Il luogo più buio che esisteva al mondo, forse, seppur parzialmente illuminato dalla fioca luce di un lampadario.

Erano le 3:04 di notte. Il silenzio regnava sovrano nella sala d'attesa, complice del gelo, in quella stanza riscaldata da termosifoni ma non da calore umano.

Non c'era nessun calore, nella paura di perdere qualcuno.

La luna in cielo era oscurata.

Era la prima cosa che Manuel era riuscito a notare, una volta tornato nel mondo reale.

Neanche se lo ricordava come era arrivato in ospedale. Era tutto confuso, sfocato dal batticuore, dal panico. La voce di sua madre al telefono, che tremante lo supplicava di correre in ospedale perché Simone aveva fatto un incidente ed era grave. Il cellulare che gli cascava dalle mani, quell'urlo animalesco, Domenico che gli scuoteva le spalle e gli chiedeva cosa fosse successo. Poi ancora lui che riusciva a balbettare qualcosa, veniva trascinato in macchina, in qualche modo camminava senza che le gambe cedessero.

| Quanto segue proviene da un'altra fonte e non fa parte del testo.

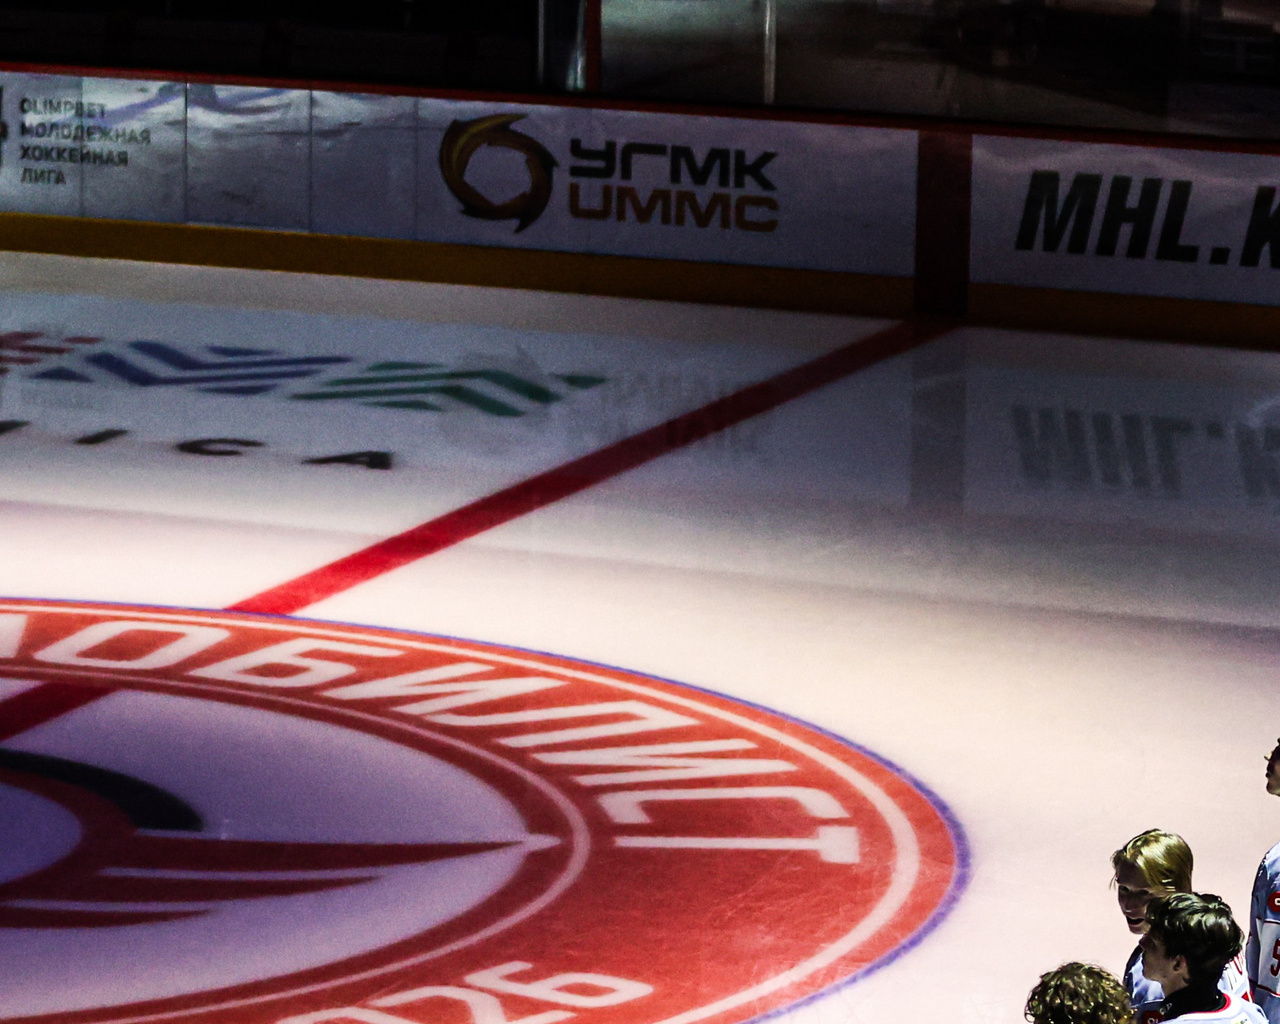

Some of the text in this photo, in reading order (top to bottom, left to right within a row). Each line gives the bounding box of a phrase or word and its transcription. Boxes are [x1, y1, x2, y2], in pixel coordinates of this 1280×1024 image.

[20, 167, 67, 185] ЛИГА
[570, 138, 778, 191] УГМК
[569, 183, 779, 233] UMMC
[0, 613, 862, 865] ОБИЛИСТ
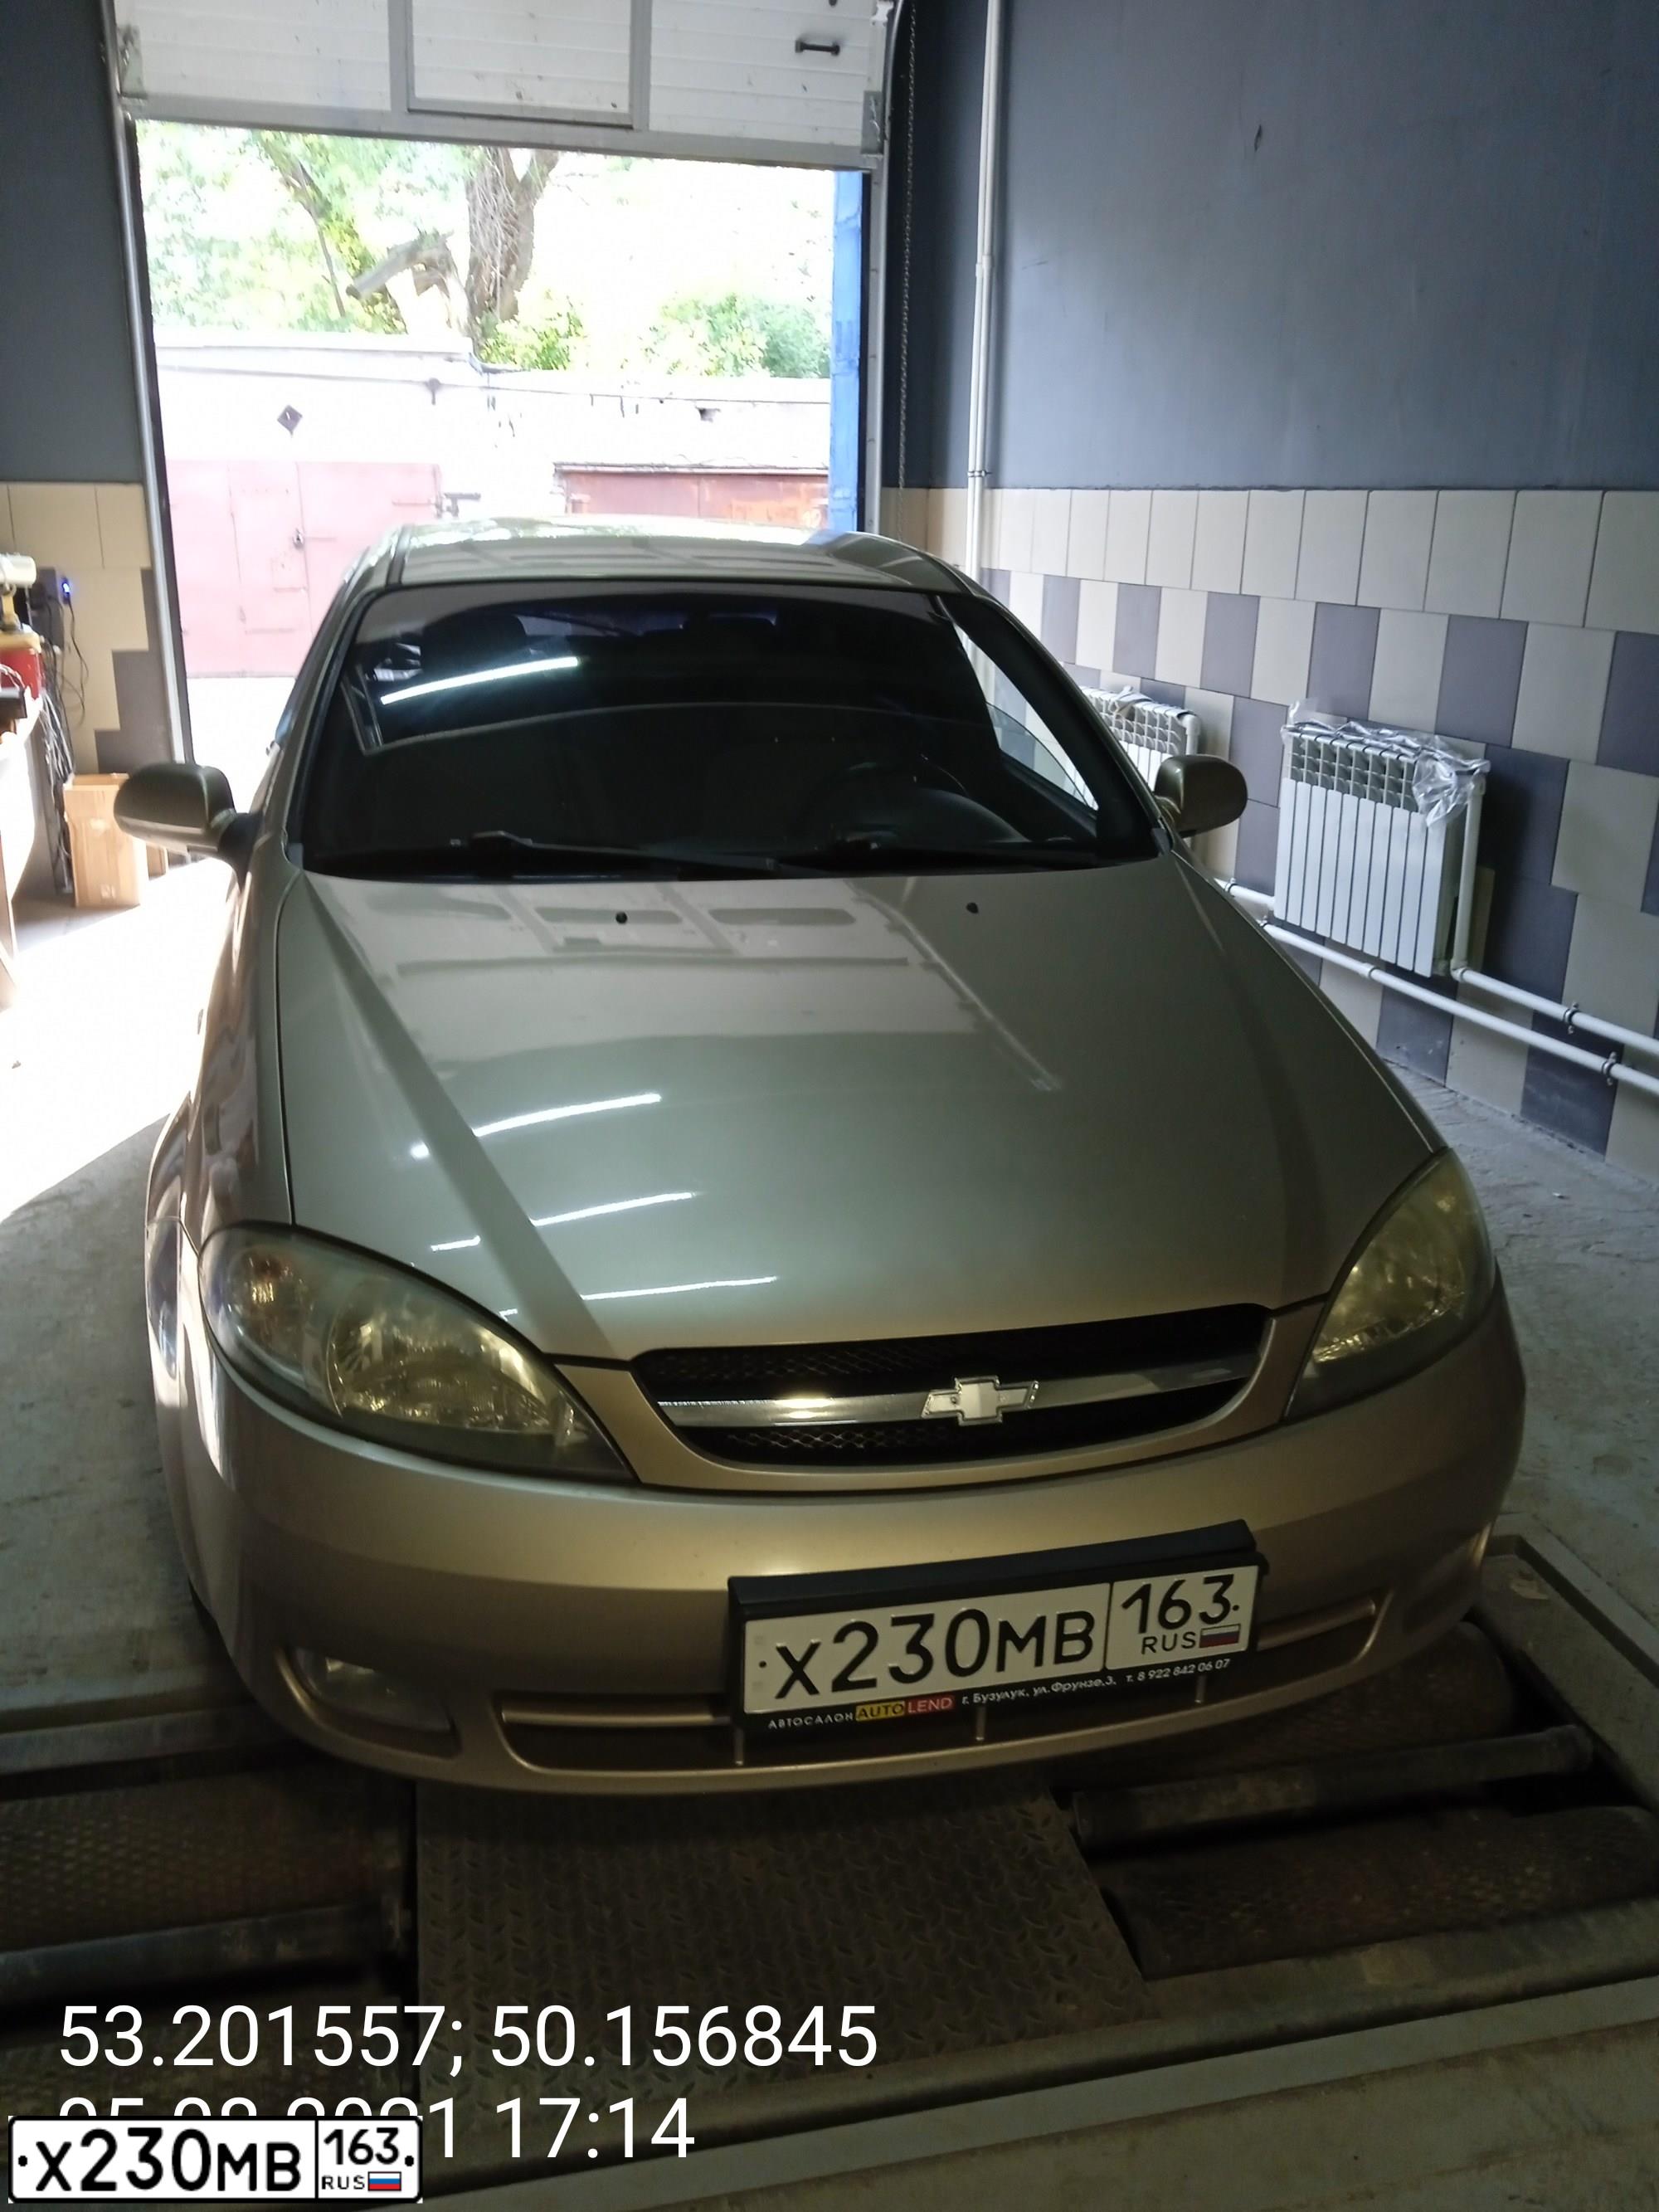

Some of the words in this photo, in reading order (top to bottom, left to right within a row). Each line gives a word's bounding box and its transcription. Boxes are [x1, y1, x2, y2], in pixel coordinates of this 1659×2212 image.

[775, 1608, 1096, 1699] Х230МВ
[1121, 1573, 1234, 1635] 163
[1141, 1631, 1196, 1654] RUS
[768, 1712, 854, 1729] АВТОСАЛОН
[1136, 1671, 1146, 1682] 8
[1147, 1667, 1170, 1680] 922

La voce nella sua testa che continuava a strillare, è colpa tua, è colpa tua, è solo colpa tua.

Perché lo aveva visto a pezzi, e gli aveva chiuso la porta in faccia. Aveva finito di distruggerlo, per evitare di fare proprio quello.

Simone non lo avrebbe mai fatto.

Simone avrebbe distrutto la sua stessa vita per lui.

Era lui che non glielo aveva permesso, l'ultima volta.

É colpa tua, tua, tua.

Le dita tra i capelli, le grida contro i medici, le mani di Dante che si aggrappavano al suo busto per calmarlo, per fermarlo. E ancora i singhiozzi sommessi, le lacrime sul petto di sua madre, la sua mano confortante che gli accarezzava la schiena.

Tre ore infinite che passavano, le notizie che non arrivavano. Quattro mura troppo strette per tutto quello sgomento, tutto quel freddo.

Che tanto, se il calore smetteva di vivere nel petto di Simone, avrebbe smesso di vivere in tutto l'universo.

Il piede di Manuel picchiettava sul pavimento, ansioso.

L'intervento stava durando troppo, i medici erano chiusi lì dentro da ore.

Non gli serviva un caffè per tenersi sveglio, a quello già ci pensavano gli echi nella sua testa.

È colpa tua.

Colpa tua, colpa tua, colpa tua.

Sua madre e Domenico, a differenza sua, erano riusciti ad addormentarsi. La prima aveva preso coraggio e si era stesa su quelle sedie dure, incompatibili col corpo umano, ed era riuscita a prender sonno. Il secondo, con la mente un po' più leggera, era rimasto seduto, ed appoggiando  la testa al muro, in qualche modo si era assopito.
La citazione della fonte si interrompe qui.